In responding to the health impacts of climate change, economic evidence and tools inform decision makers of the efficiency of alternative health policies and interventions. In a time when sweeping budget cuts are affecting all tiers of government, economic evidence on health protection from climate change spending enables comparison with other public spending.
Methods
The review included 53 countries of the World Health Organization (WHO) European Region. Literature was obtained using a Medline and Internet search of key terms in published reports and peer-reviewed literature, and from institutions working on health and climate change. Articles were included if they provided economic estimation of the health impacts of climate change or adaptation measures to protect health from climate change in the WHO European Region.
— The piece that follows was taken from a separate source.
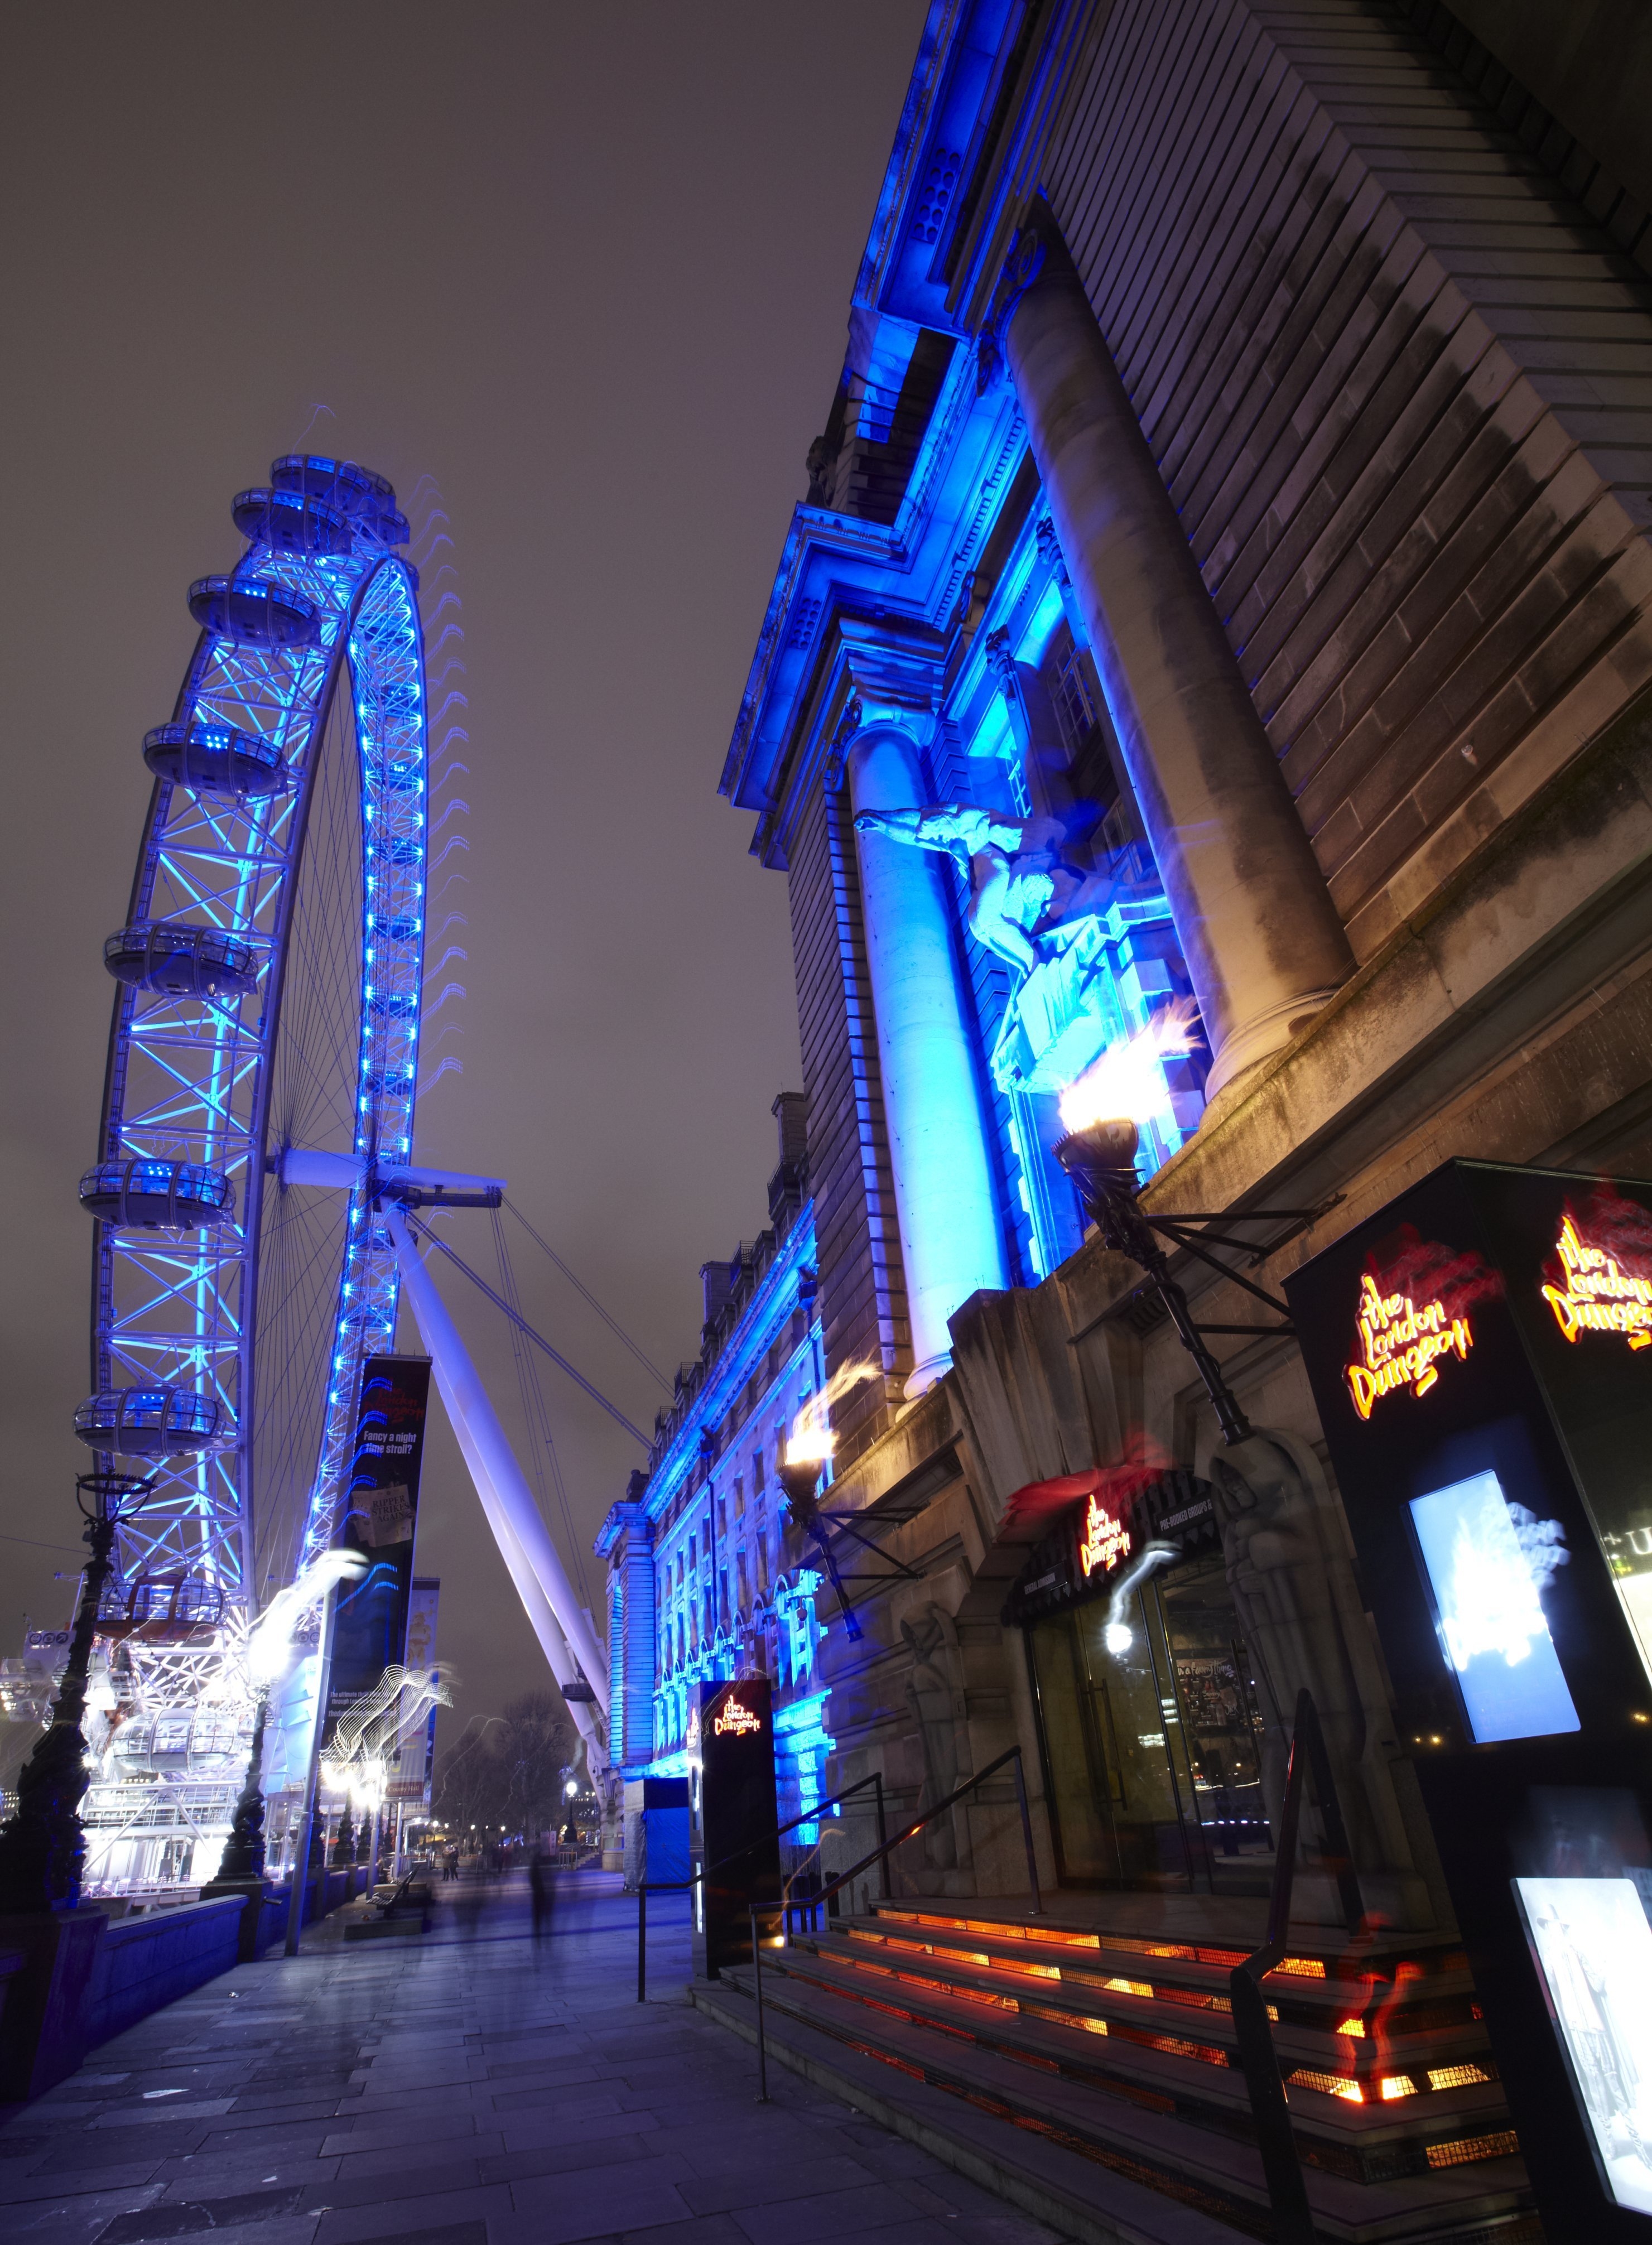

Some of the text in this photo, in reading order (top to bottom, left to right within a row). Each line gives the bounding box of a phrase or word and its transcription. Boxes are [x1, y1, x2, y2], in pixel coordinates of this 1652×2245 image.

Economic studies are classified under health impact cost, health adaptation cost, and health economic evaluation (comparing both costs and impacts).
Results
A total of 40 relevant studies from Europe were identified, covering the health damage or adaptation costs related to the health effects of climate change and response measures to climate-sensitive diseases. No economic evaluation studies were identified of response measures specific to the impacts of climate change. Existing studies vary in terms of the economic outcomes measured and the methods for evaluation of health benefits. The lack of robust health impact data underlying economic studies significantly affects the availability and precision of economic studies.
Conclusions
Economic evidence in European countries on the costs of and response to climate-sensitive diseases is extremely limited and fragmented. Further studies are urgently needed that examine health impacts and the costs and efficiency of alternative responses to climate-sensitive health conditions, in particular extreme weather events (other than heat) and potential emerging diseases and other conditions threatening Europe.